Вихрь прыжком перескочил сухое русло, исчез. Шуршал ручеек сухой глины, стекая по срезу берега. Остались от вихря, как от коровы, вываленные в песке лепешки - ошметки ила.
Сломанное крыло у плёкой чертило по песку. Птицы шли по высохшему руслу за ручейком, его перевитый шнурочек стеклянно поблескивал в белых гальках, шершавых, будто известковых, от сухого ила.
Над хаосом холмов, такыров, оврагов, что веерами сбегались к руслу высохшей речки, парил беркут. Его глаза видели, как ответвление русла привело птиц в провал, где на днище валялись черепа зайцев, катышки совиного кала, сухие шкурки ежей, свернутые в трубочки. Красная птица изредка взлетала, делала круг и вновь шла рядом с черно-пестрой. Беркут как бы пас птиц-пешеходов.
Пробегала над речным руслом машина гидрогеологического отряда.
Блеснул в гальке шнурочек воды. Шофер с ведром спустился по берегу, увидел отбегавших от воды голубей. Подивился, а как разглядел - голубка волочит крыло, рассудил, что занесло птицу сюда лихо и что погибнуть им. Ближайший поселок километрах в восьмидесяти. Шофер поймал голубку - рябой не давался ему, взлетал из-под руки. С ведром воды в одной руке, с голубкой в другой вернулся к машине. В кузове между ящиками сделал для голубки домик из своей тяжелой рабочей телогрейки, проверил, есть ли продух.
Речка повернула, утянула за собой клин желто-серой травы. Мотор натужно зашумел, машина запылила. Красный летел над машиной. В кузове между ящиками был втиснут черный сверток.

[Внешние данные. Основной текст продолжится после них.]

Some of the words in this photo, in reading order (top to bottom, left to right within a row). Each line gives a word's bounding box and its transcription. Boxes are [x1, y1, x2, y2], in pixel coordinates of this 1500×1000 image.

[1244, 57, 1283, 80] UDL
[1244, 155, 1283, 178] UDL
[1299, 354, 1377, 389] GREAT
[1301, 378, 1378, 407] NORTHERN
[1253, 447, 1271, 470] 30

На плоскостях степи машина набирала скорость, красный отставал. Но возникал на пути гигантский веер оврага, начинала машина вычерчивать зигзаги. Красный складывал крылья, падал с высоты, так что из травы картечью вылетали овсянки и с писком уносились, мелькая белыми рулевыми перьями.
...Старый красный блуждал бы годы со связанными крыльями в поисках родного двора, он околел бы с голоду где-нибудь в угольном сарае, он замерз бы, облитый помоями, с лентой морковной кожуры на спине, - ничто не могло помешать вернуться в родной двор, ничто, кроме голубки, которую надо гнать на посад в гнездо.

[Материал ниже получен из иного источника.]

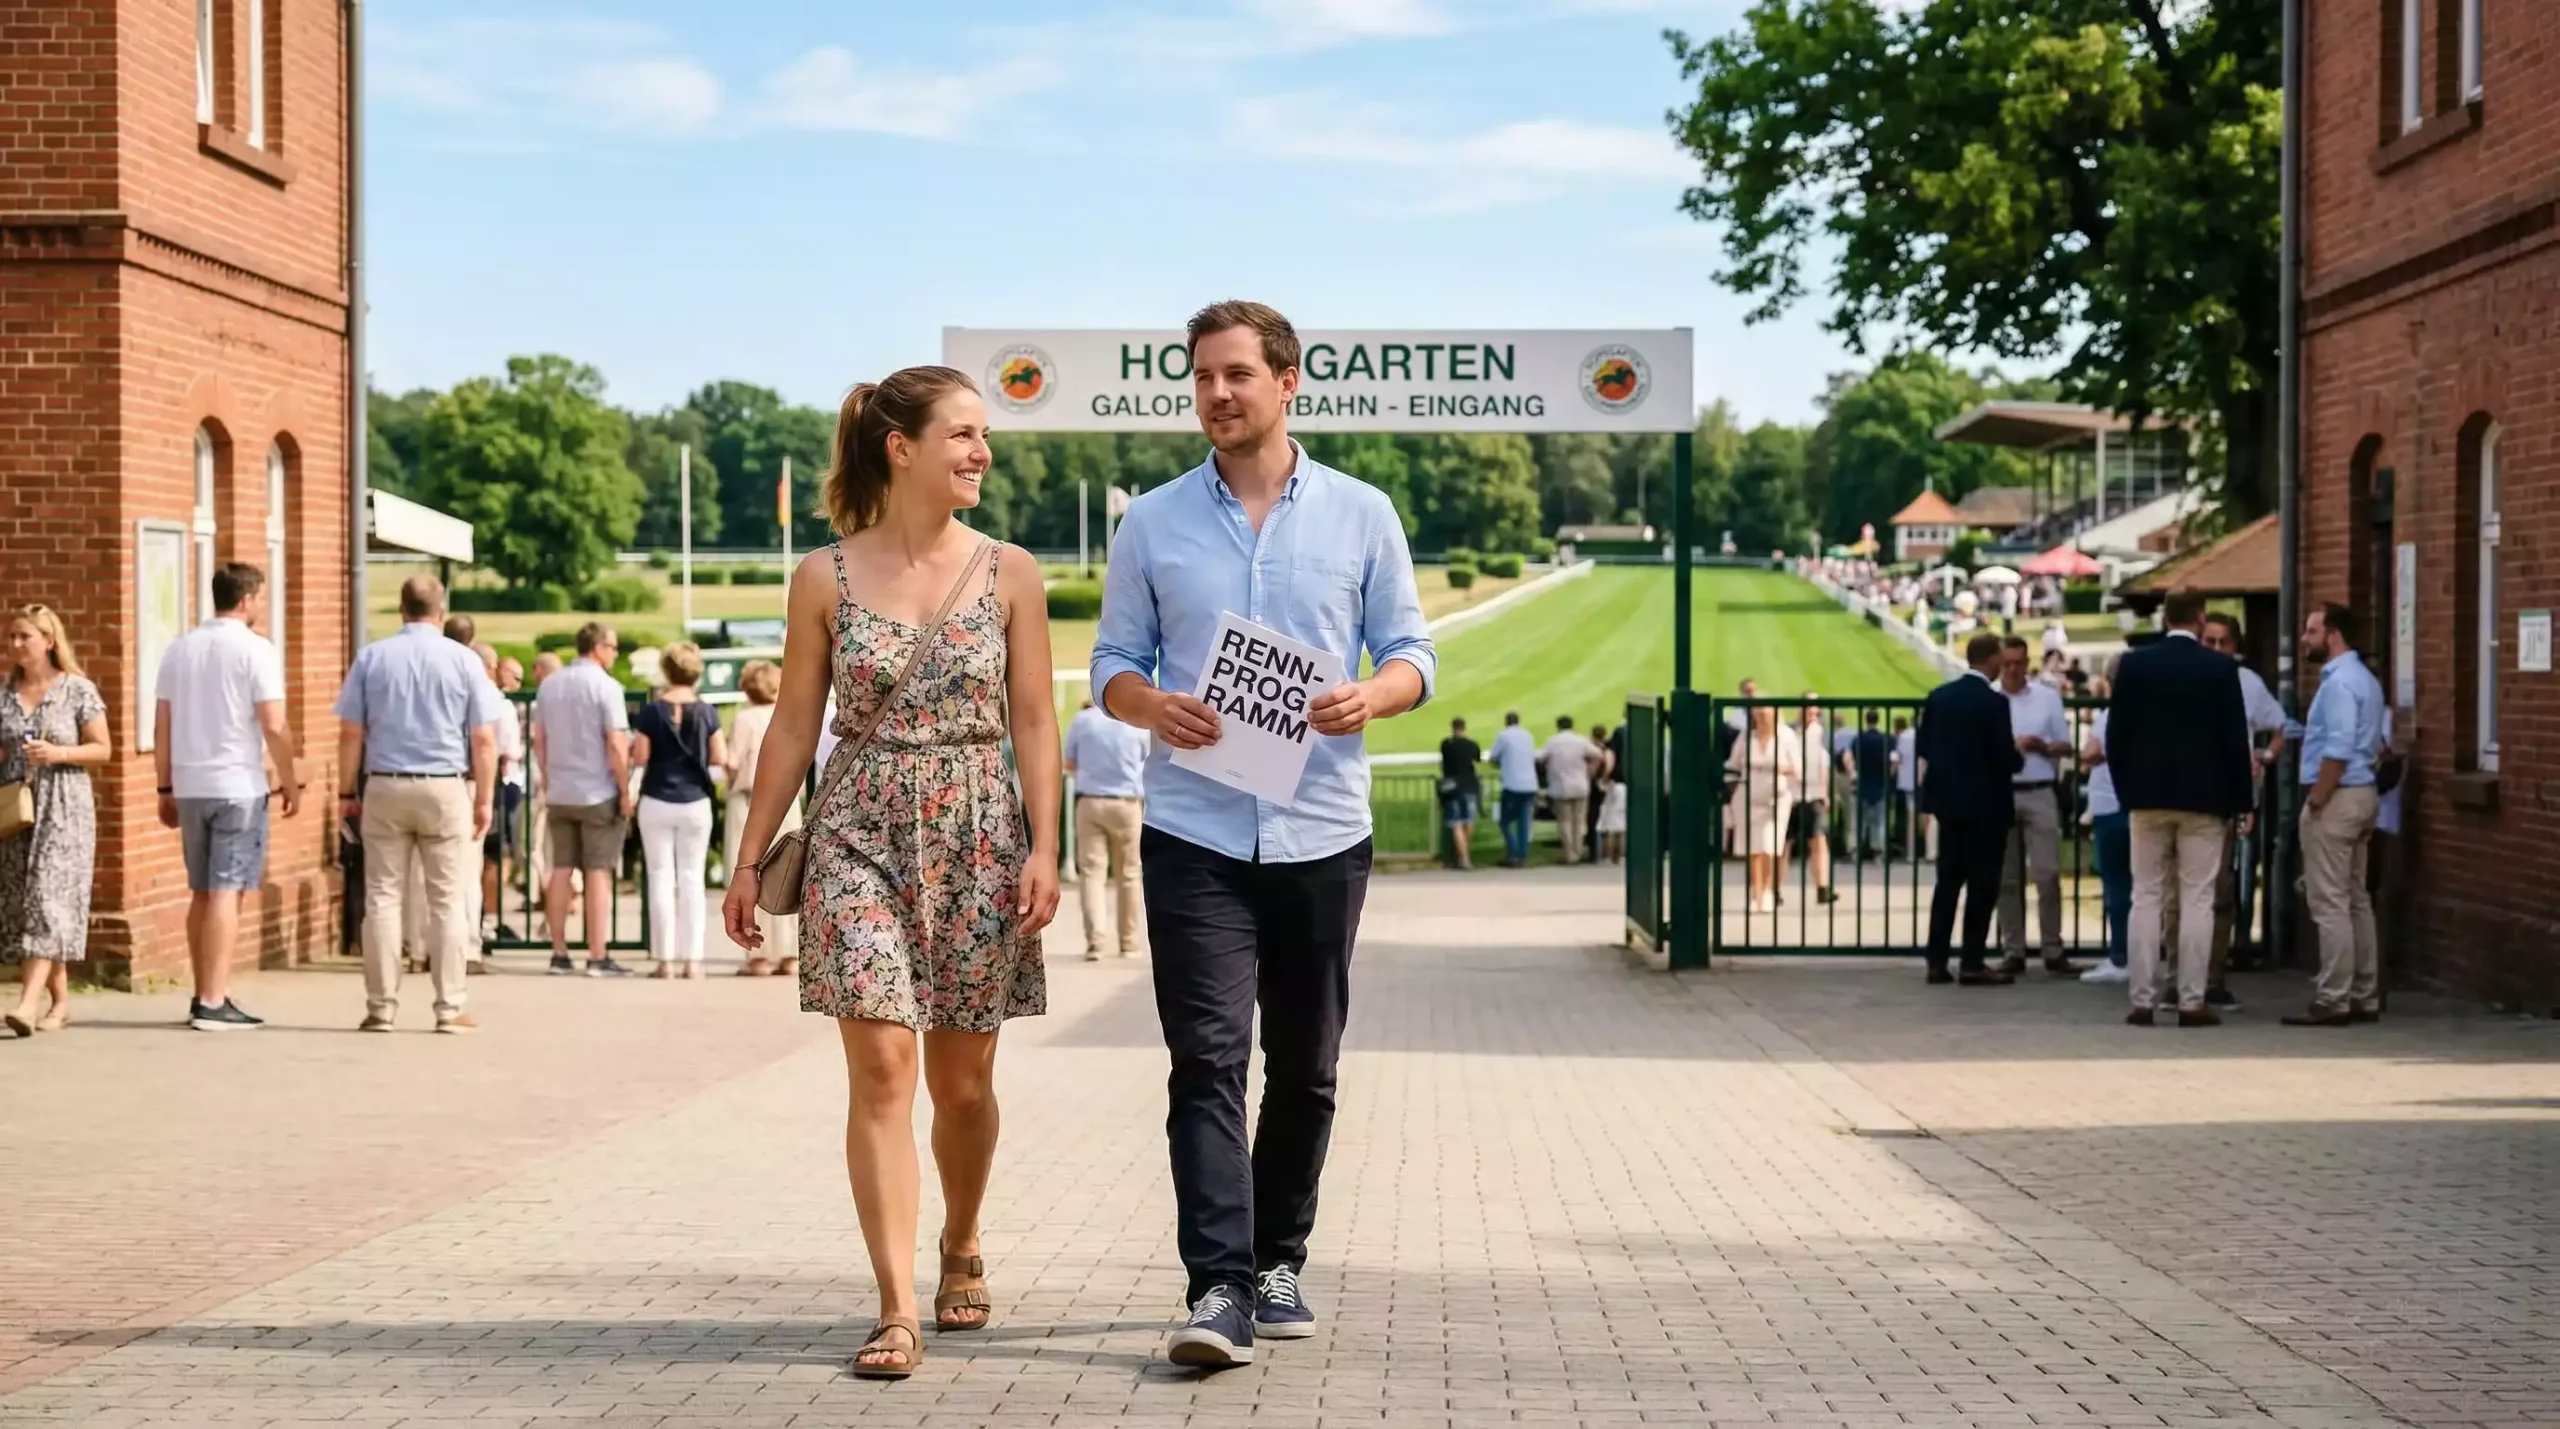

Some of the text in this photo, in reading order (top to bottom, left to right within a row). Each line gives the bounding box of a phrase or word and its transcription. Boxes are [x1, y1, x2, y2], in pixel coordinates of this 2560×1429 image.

[1120, 343, 1515, 381] HOGARTEN
[1409, 394, 1545, 417] EINGANG
[1211, 656, 1307, 714] PROG
[1220, 628, 1325, 685] RENN-
[1203, 683, 1309, 744] RAMM

В сумерках машина догнала колонну гидрогеологического отряда. На повороте, когда замедлил ход грузовик с установленным на его платформе буровым станком, машина с плёкой в кузове вскочила в середину колонны.
То была последняя заминка в движении. Люди спешили добраться до места, колонна рванулась и пошла в сумрак, густеющий на глазах. В последнем усилии красный догнал колонну, снизился. Крылья уж не слушались, он падал. Вспыхнули фары, голубь - ослепший, с риском промахнуться и разбиться о борт - упал на ящики, вцепился.
Его мотало, ящики двигались. Он пытался звать голубку, выходило прерывистое хрипение.
Цвигун измучился - какой сон в кабине грузовика, на ходу; валишься головой в стекло, а стукнувшись, через силу таращишься - медленно расплетаются в свете фар ленты пыли. Смыкаются веки, горячие от пыли, от ветра и солнца. Вдруг кто-то быстрый прокатится перед машиной по сухой, оголенной светом земле.
Останавливались машины, одна за другой погружались в темень. Цвигун выволок раскладушку, спальный мешок, лег.
Вспыхнул над головой белый от пыли борт, погас. Вновь и вновь вспыхивал своим проникающим под веки кварцевым светом: то включали фары, маячили отставшей машине. Цвигун было с раздражением полез из мешка (увидел далеко вспышку, будто колыхнула сухая гроза), как стоявший на подножке человек сказал в кабину:
- Кончай светить, стало быть, у него опять мотор не тянет.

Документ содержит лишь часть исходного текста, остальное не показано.